We are pleased to summarise findings from a new publication from the Centre for Dementia Prevention. Prof Craig Ritchie and international colleagues pooled real-world data from across seven European and North American Countries to assess the diagnostic pathway for patients with cognitive impairment. The study found that cognitive impairment is commonly not diagnosed at the earliest stages of the disease and efforts should be made towards public awareness and earlier disease detection and intervention.
Recent advances in our understanding of Alzheimer’s disease mean that we now know Alzheimer’s dementia is a syndrome that manifests at later life but the underlying reason for the syndrome, Alzheimer’s disease, starts developing years before any symptoms occur. This has led to looking at brain health related diseases – neurodegenerative disease – on a spectrum. Cognitive impairment includes a wide range and severity of conditions and for many patients may result in the onset of dementia. It is important to identify cognitive impairment at an early stage where intervention would have the most impact at being effective in preventing further cognitive decline. The diagnostic pathway for receiving a formal diagnosis of dementia should therefore enable an early identification of the at risk population.
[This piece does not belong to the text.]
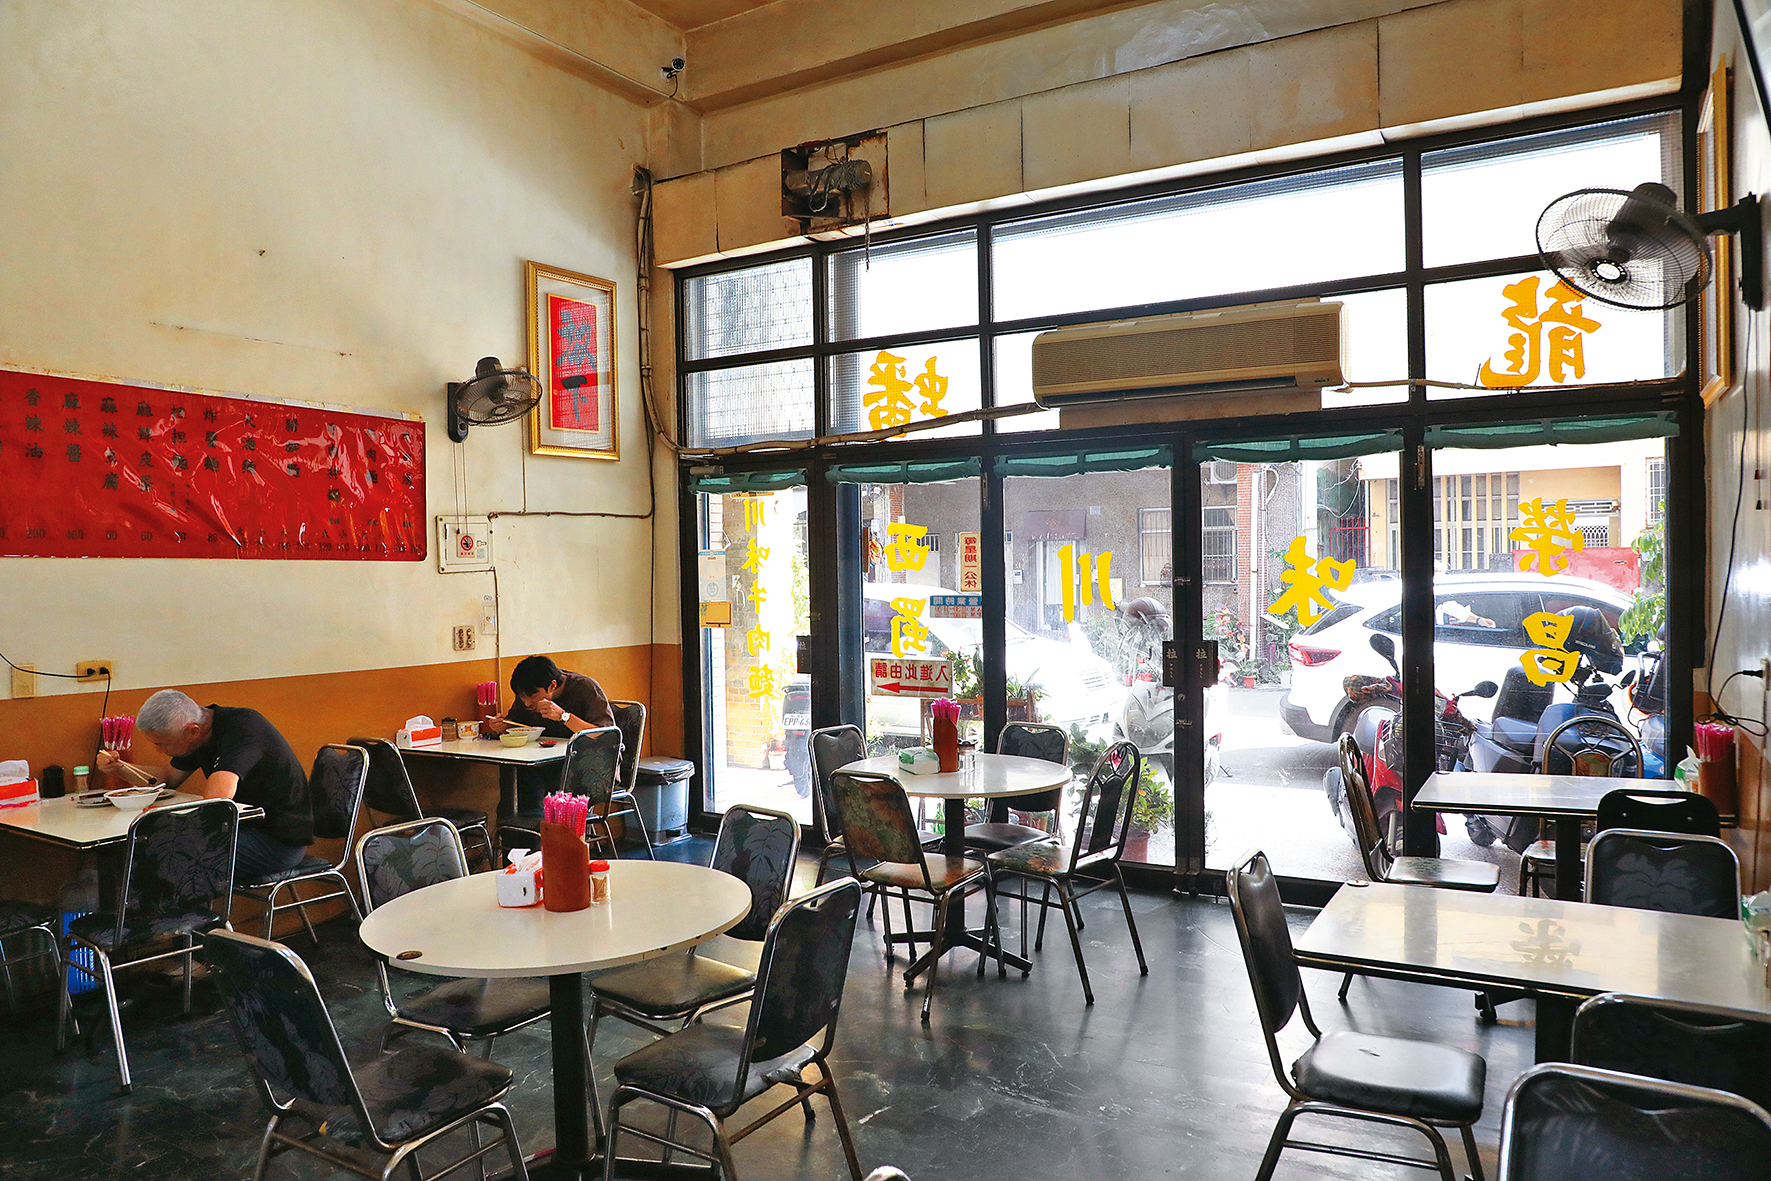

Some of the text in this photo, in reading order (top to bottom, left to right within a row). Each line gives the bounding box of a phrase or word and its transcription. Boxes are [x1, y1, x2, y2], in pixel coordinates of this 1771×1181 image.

[1166, 648, 1178, 660] 拉
[1195, 648, 1208, 660] 拉
[784, 717, 811, 726] EPP-63
The authors of the new study analysed real-world cross-sectional survey data from seven European and North American Countries to quantify the diagnostic pathway for dementia. The study included 7620 patients with cognitive impairment. The study found that most patients saw a healthcare professional within 1 year of first symptoms and received a diagnosis within 3–7 months of initial consultation. However, only 20% of patients received a diagnosis before their disease progressed beyond the early stage and 23.5% already had moderate cognitive impairment at time of diagnosis. The paper concludes that only a small minority of patients receive an early stage diagnosis of cognitive impairment – this necessitates a focus on public awareness and a proactive earlier detection and intervention in order to increase the proportion of patients who receive comprehensive medical and psychosocial support before their disease progresses to levels associated with significant impact on their lives and their families.